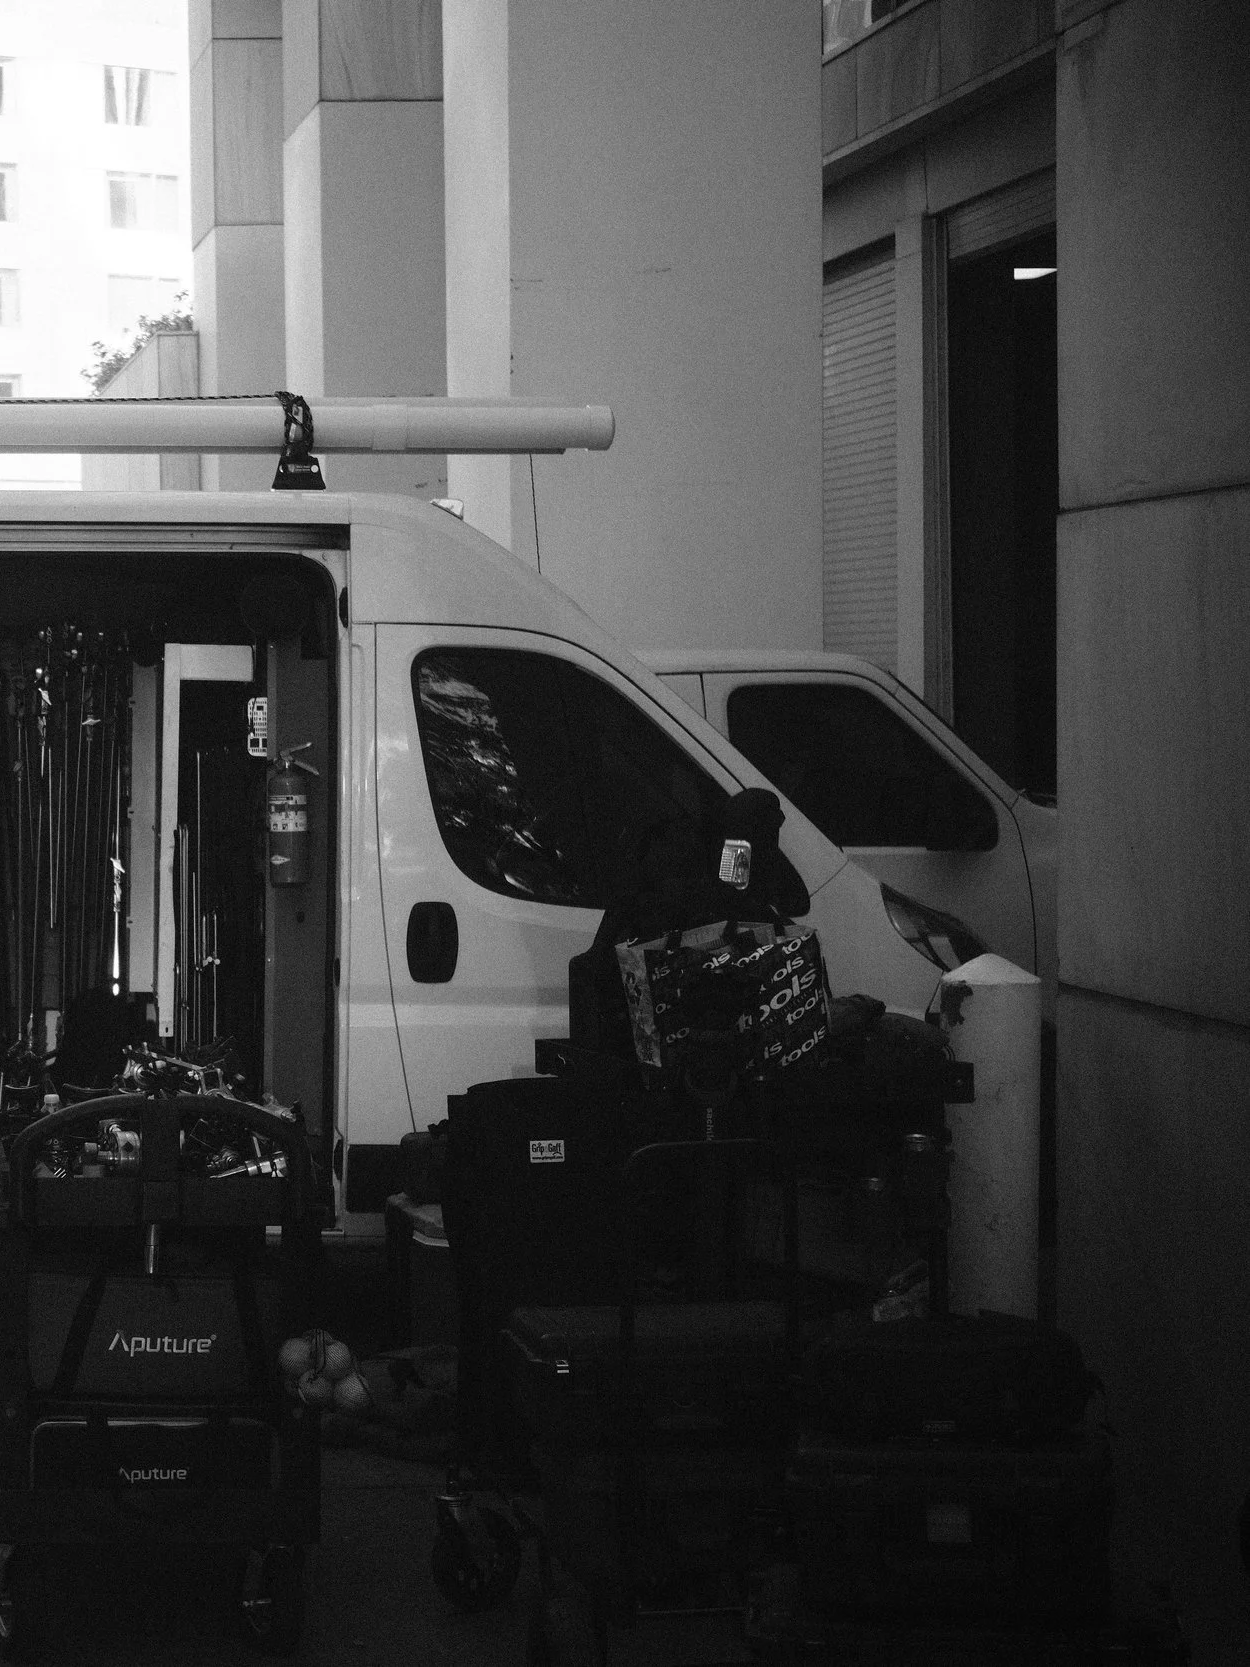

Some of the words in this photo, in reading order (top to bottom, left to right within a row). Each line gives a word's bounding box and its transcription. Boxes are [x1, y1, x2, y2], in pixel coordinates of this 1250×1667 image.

[780, 1025, 826, 1067] tools
[108, 1329, 215, 1357] Aputure
[119, 1465, 188, 1484] Aputure
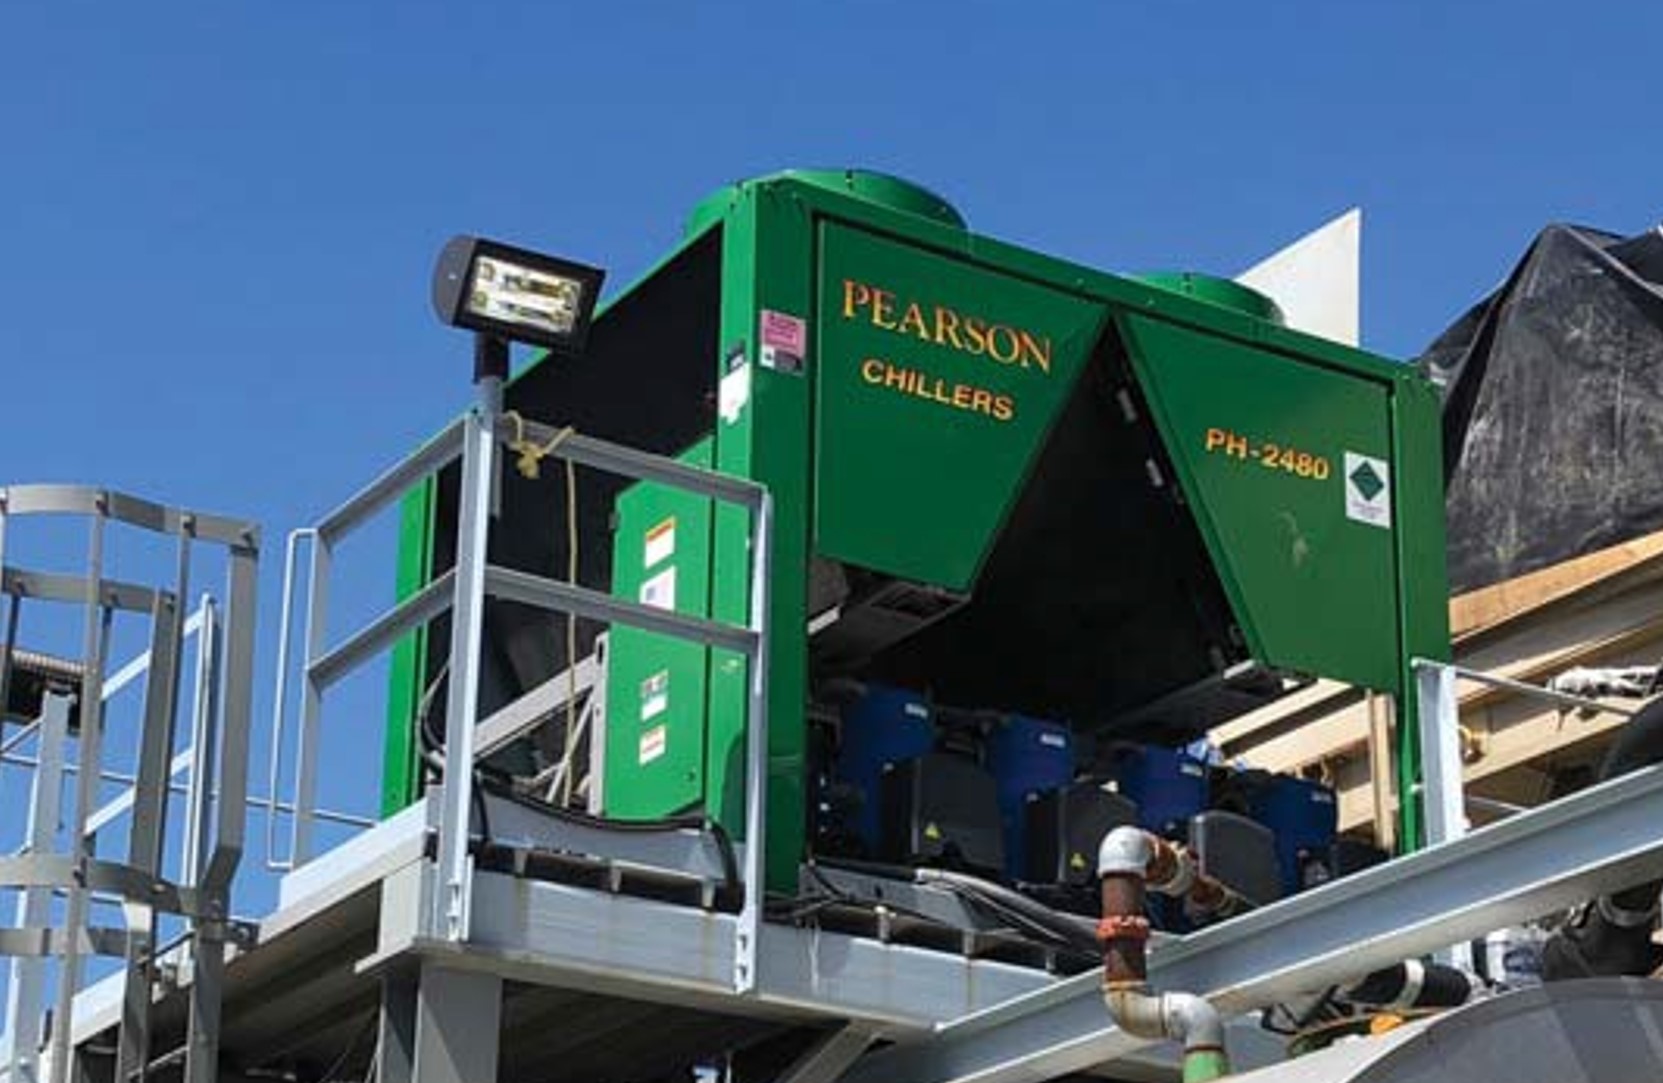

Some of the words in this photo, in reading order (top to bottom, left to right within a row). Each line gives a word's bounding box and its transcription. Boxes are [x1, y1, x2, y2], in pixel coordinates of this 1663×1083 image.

[842, 279, 1051, 373] PEARSON
[860, 358, 1014, 421] CHILLERS
[1206, 427, 1329, 480] PH-2480
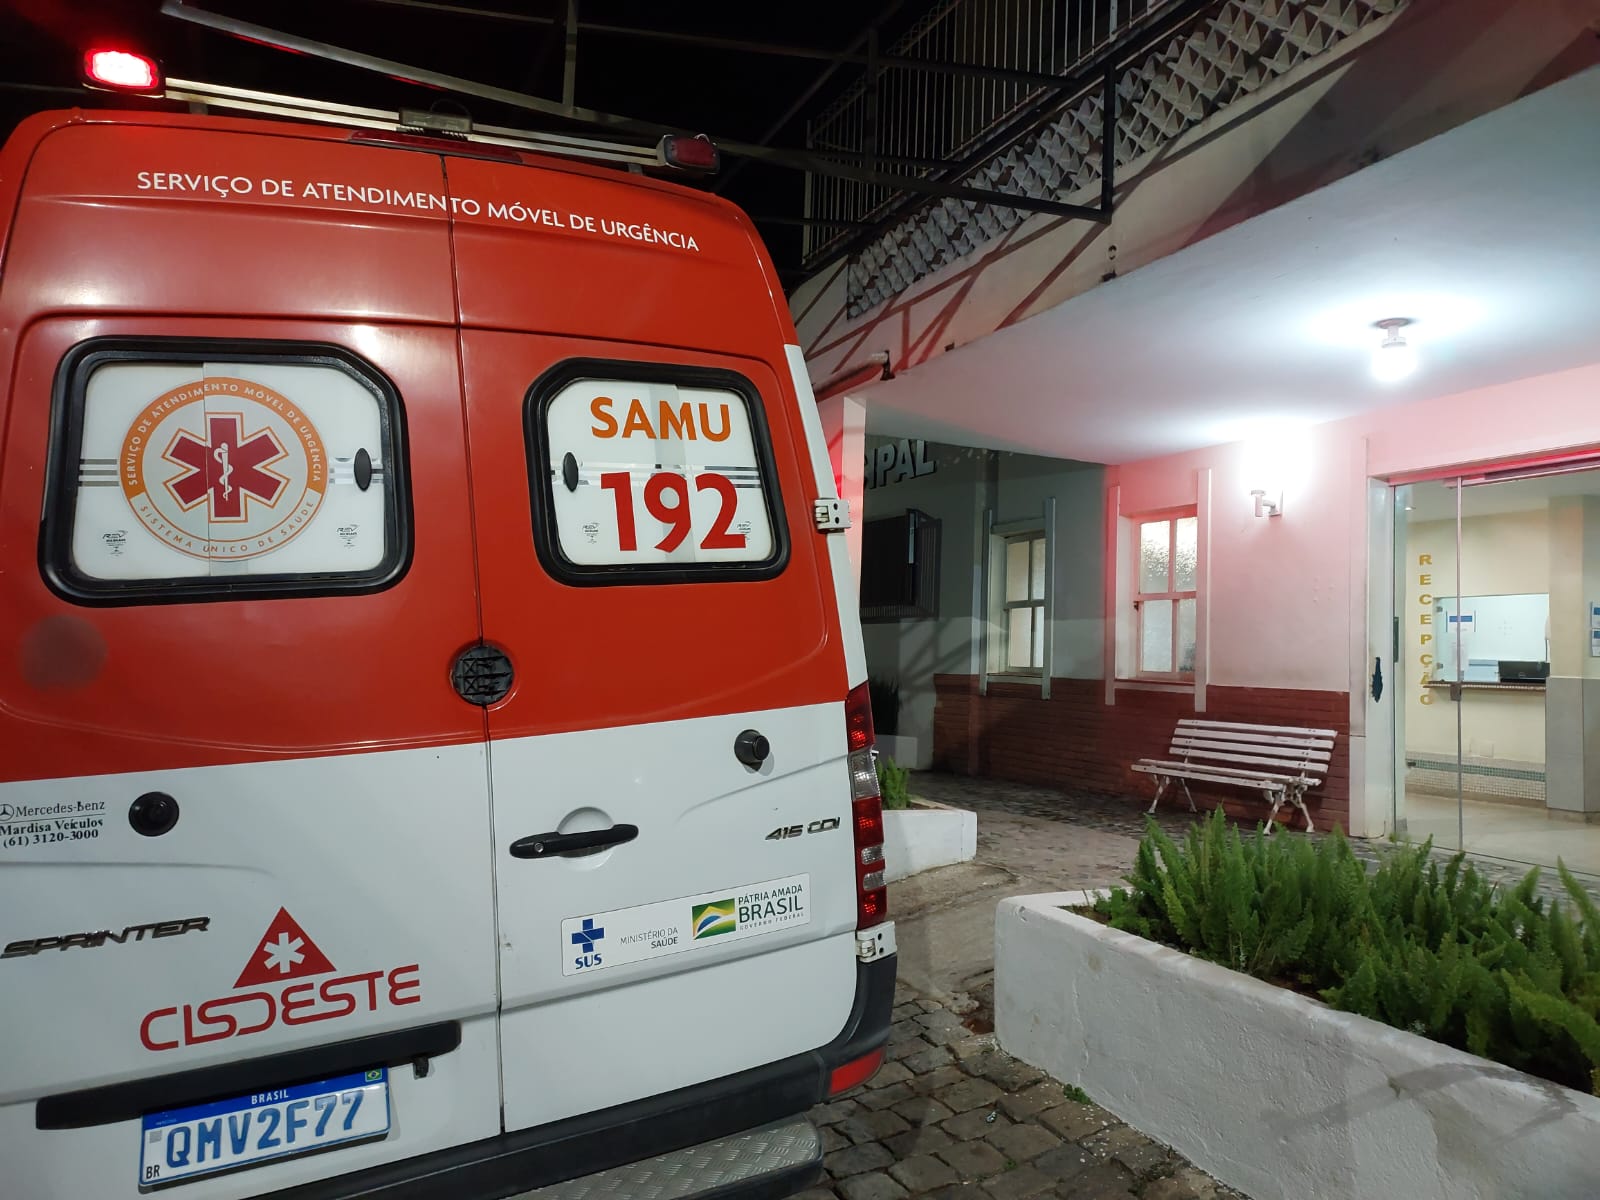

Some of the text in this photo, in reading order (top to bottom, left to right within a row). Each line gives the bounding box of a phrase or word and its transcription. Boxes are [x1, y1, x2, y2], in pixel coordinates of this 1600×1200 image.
= = = = = = =
[Task requirements] Leave the pictures out and return the rest of the material exactly.

[Written reply]
Some of the words in this photo, in reading order (top to bottom, left to right within a row). Each line gives a word's bounding box and its transcription. Boxes are [x1, y1, x2, y2], in pixel coordinates of this 1250×1667 image.

[780, 1025, 826, 1067] tools
[108, 1329, 215, 1357] Aputure
[119, 1465, 188, 1484] Aputure

Some of the words in this photo, in reading order (top to bottom, left to right within a row). Each line gives a word's bounding box and its transcription. Boxes are [x1, y1, x2, y2], in pixel coordinates of this 1663×1083 image.

[842, 279, 1051, 373] PEARSON
[860, 358, 1014, 421] CHILLERS
[1206, 427, 1329, 480] PH-2480

Some of the text in this photo, in reading order (top to bottom, left to right within a row). Each line gives the bounding box of a phrase or word and its transcription. Boxes are [x1, y1, x2, y2], in pixel coordinates of this 1600×1200 image.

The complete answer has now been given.